WHAT IS REQUIRED >>
Output the entries as they appear, skipping images.

________

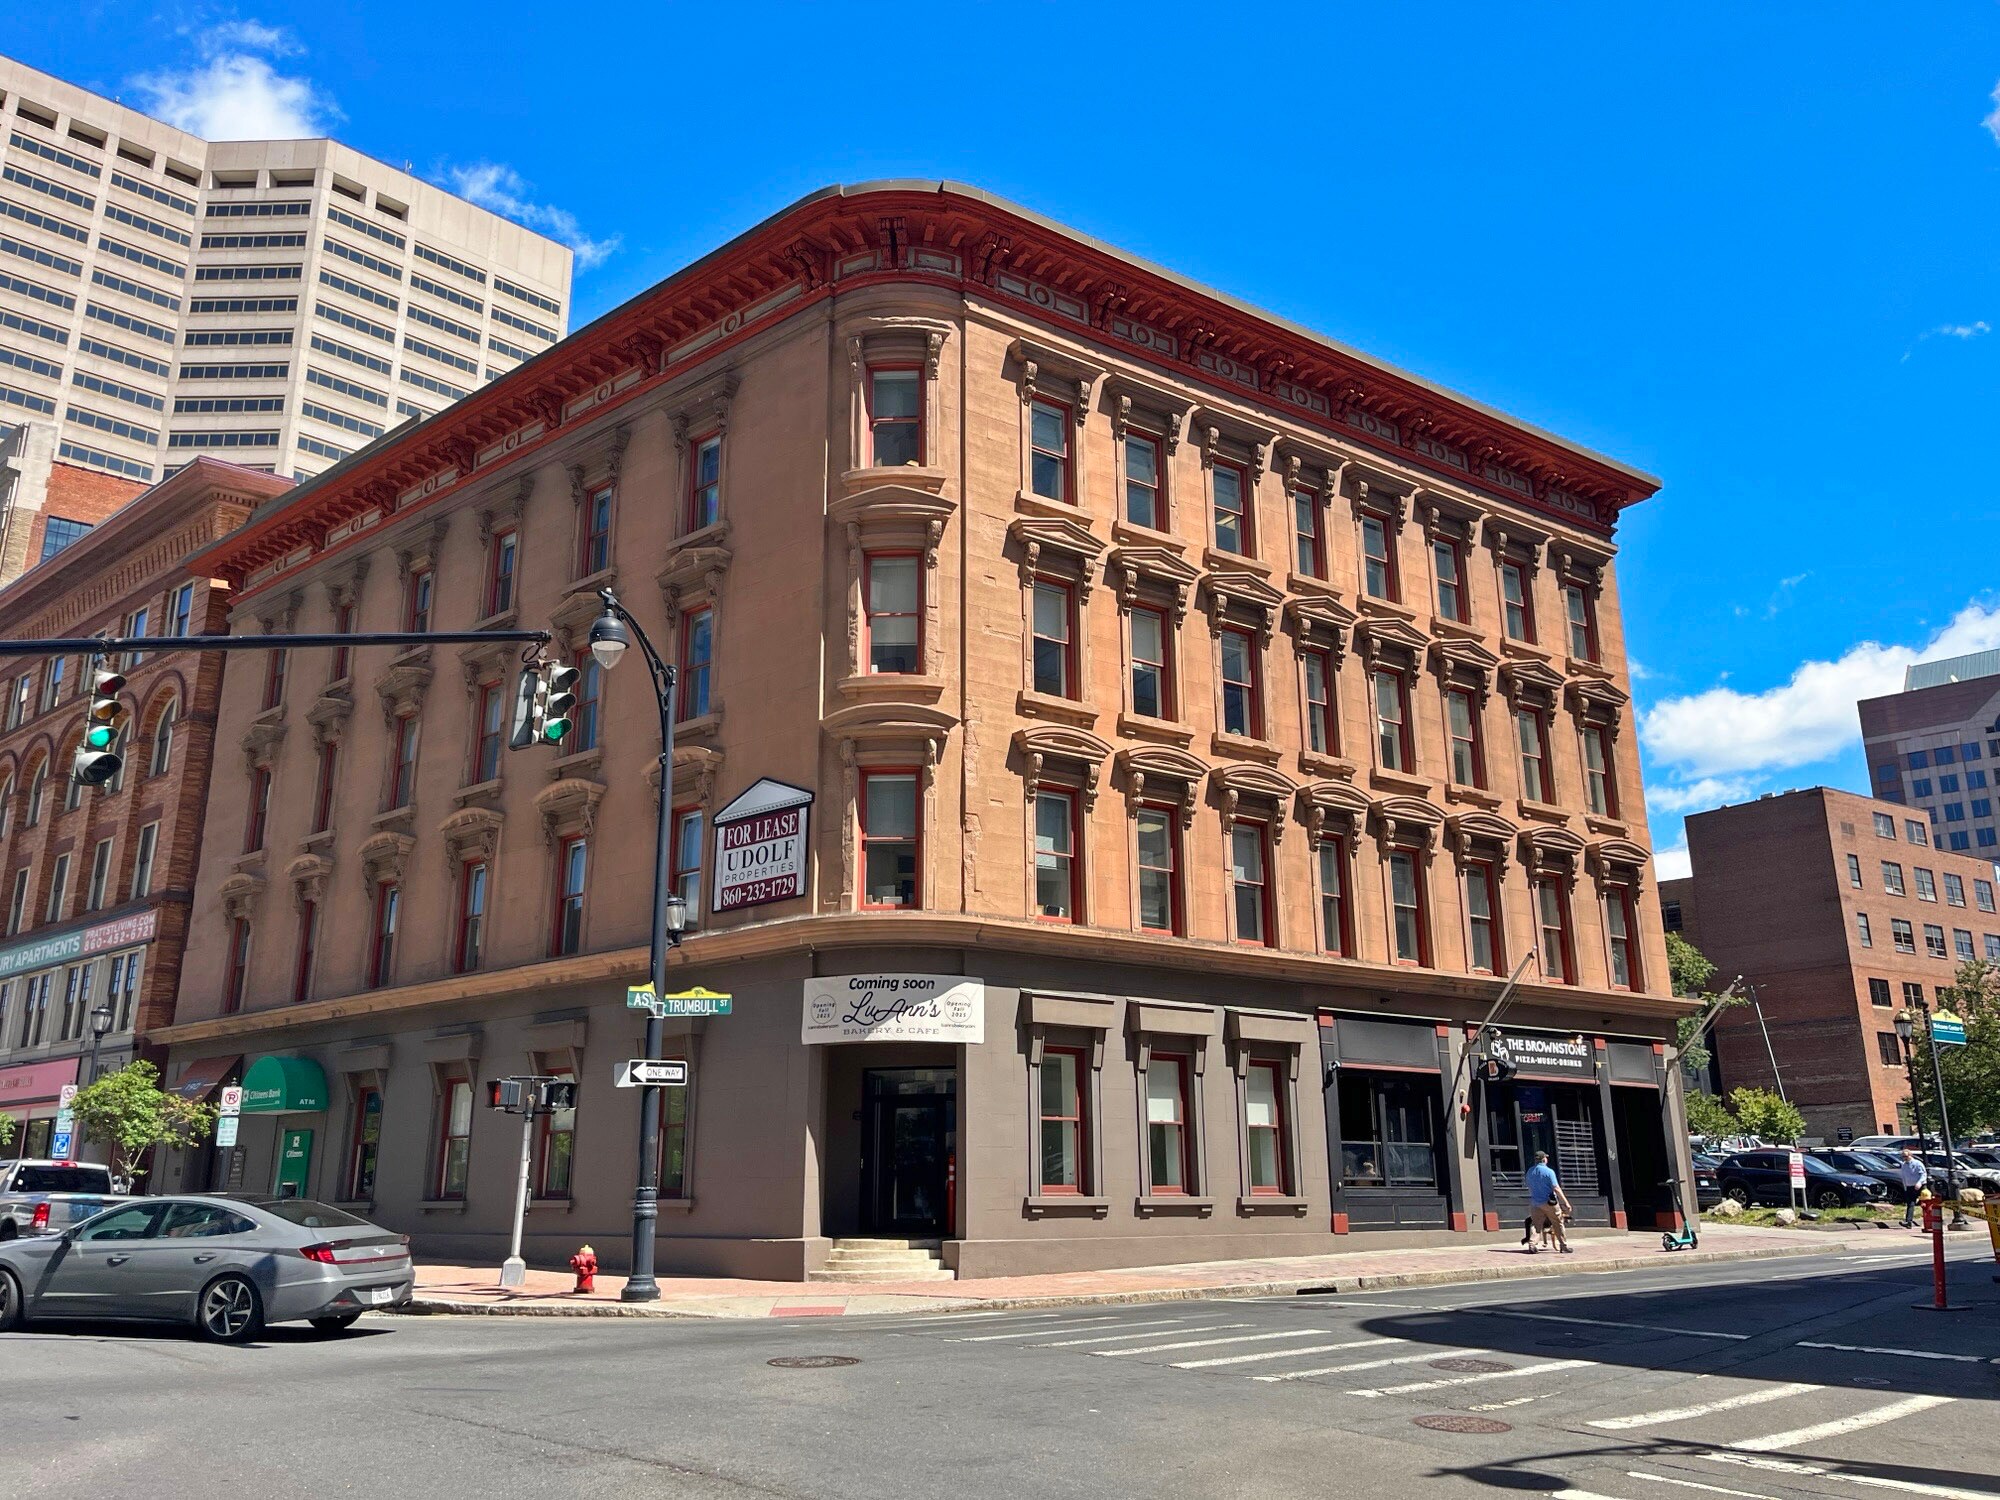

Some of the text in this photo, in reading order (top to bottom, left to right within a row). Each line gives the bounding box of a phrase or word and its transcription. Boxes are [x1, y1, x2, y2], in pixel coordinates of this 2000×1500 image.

[726, 813, 797, 848] FOR LEASE
[728, 839, 794, 871] UDOLF
[725, 862, 794, 883] PROPERTIES
[723, 877, 794, 906] 860-232-1729
[85, 913, 156, 938] PRATTSTLIVING.COM
[84, 925, 154, 951] 860-452-6721
[15, 936, 80, 967] APARTMENTS
[849, 976, 935, 991] Coming soon
[668, 999, 718, 1012] TRUMBULL
[842, 991, 941, 1026] LuAnn's
[946, 1001, 971, 1009] Opening
[843, 1027, 892, 1036] BAKERY
[908, 1027, 939, 1035] CAFE
[1506, 1038, 1588, 1056] THE BROWNSTONE
[646, 1068, 680, 1077] ONE WAY
[250, 1088, 281, 1099] Citizens Bank
[286, 1150, 303, 1158] Citizens
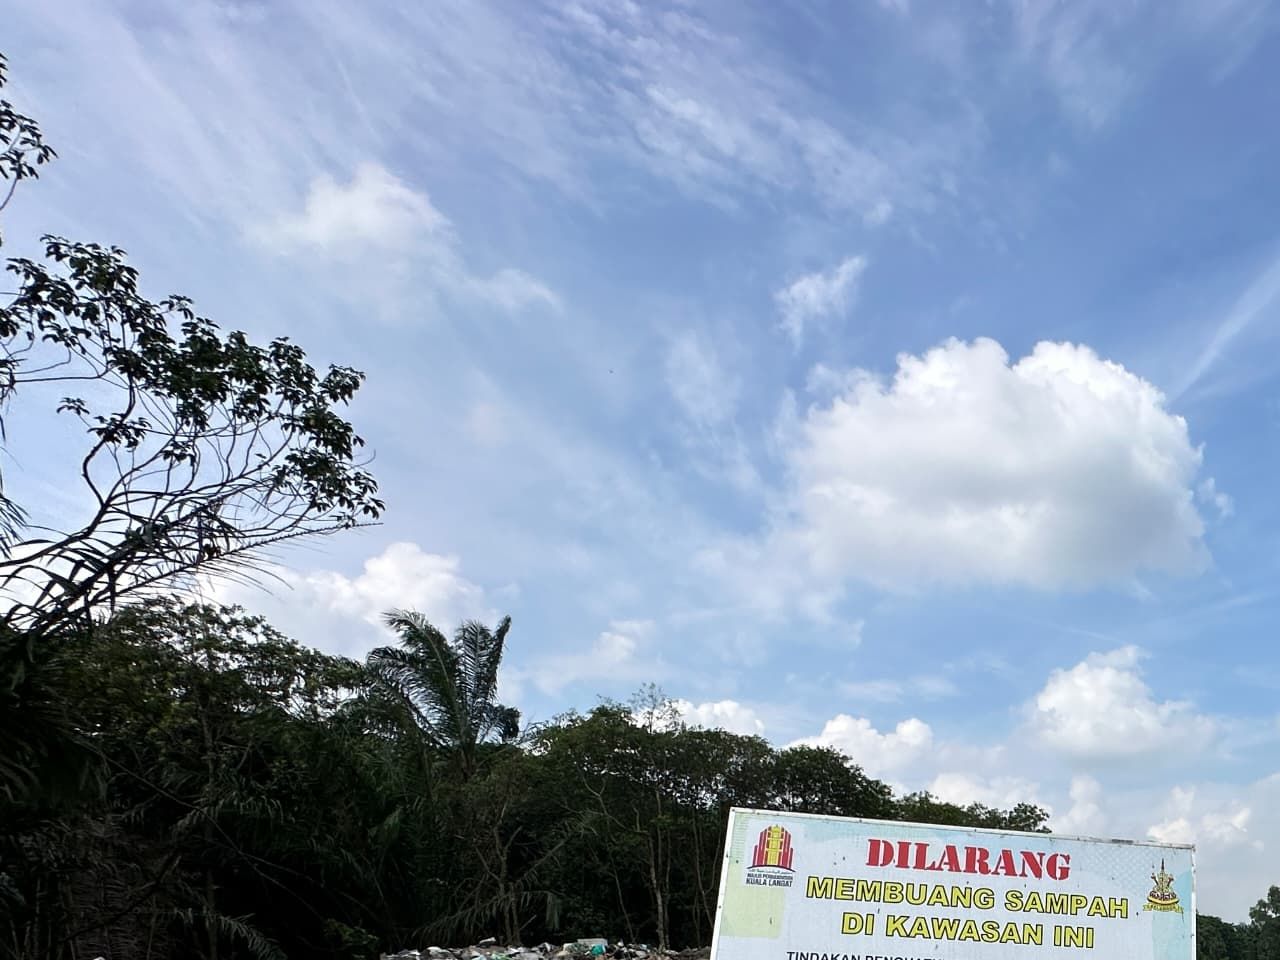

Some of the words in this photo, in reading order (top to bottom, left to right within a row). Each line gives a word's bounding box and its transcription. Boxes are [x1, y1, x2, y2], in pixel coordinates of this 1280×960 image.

[866, 839, 1071, 880] DILARANG
[806, 876, 995, 909] MEMBUANG
[1005, 890, 1128, 919] SAMPAH
[841, 912, 875, 935] DI
[886, 915, 1043, 945] KAWASAN
[1053, 925, 1094, 948] INI

________

RESULT OF THIS TASK >>
Some of the text in this photo, in reading order (top to bottom, left to right within a row). Each line gives the bounding box of a phrase or word and its transcription. Boxes are [x1, y1, x2, y2], in pixel coordinates of this 2000×1500 image.

[726, 813, 797, 848] FOR LEASE
[728, 839, 794, 871] UDOLF
[725, 862, 794, 883] PROPERTIES
[723, 877, 794, 906] 860-232-1729
[85, 913, 156, 938] PRATTSTLIVING.COM
[84, 925, 154, 951] 860-452-6721
[15, 936, 80, 967] APARTMENTS
[849, 976, 935, 991] Coming soon
[668, 999, 718, 1012] TRUMBULL
[842, 991, 941, 1026] LuAnn's
[946, 1001, 971, 1009] Opening
[843, 1027, 892, 1036] BAKERY
[908, 1027, 939, 1035] CAFE
[1506, 1038, 1588, 1056] THE BROWNSTONE
[646, 1068, 680, 1077] ONE WAY
[250, 1088, 281, 1099] Citizens Bank
[286, 1150, 303, 1158] Citizens

Some of the words in this photo, in reading order (top to bottom, left to right within a row). Each line gives a word's bounding box and its transcription. Boxes are [x1, y1, x2, y2], in pixel coordinates of this 1280×960 image.

[866, 839, 1071, 880] DILARANG
[806, 876, 995, 909] MEMBUANG
[1005, 890, 1128, 919] SAMPAH
[841, 912, 875, 935] DI
[886, 915, 1043, 945] KAWASAN
[1053, 925, 1094, 948] INI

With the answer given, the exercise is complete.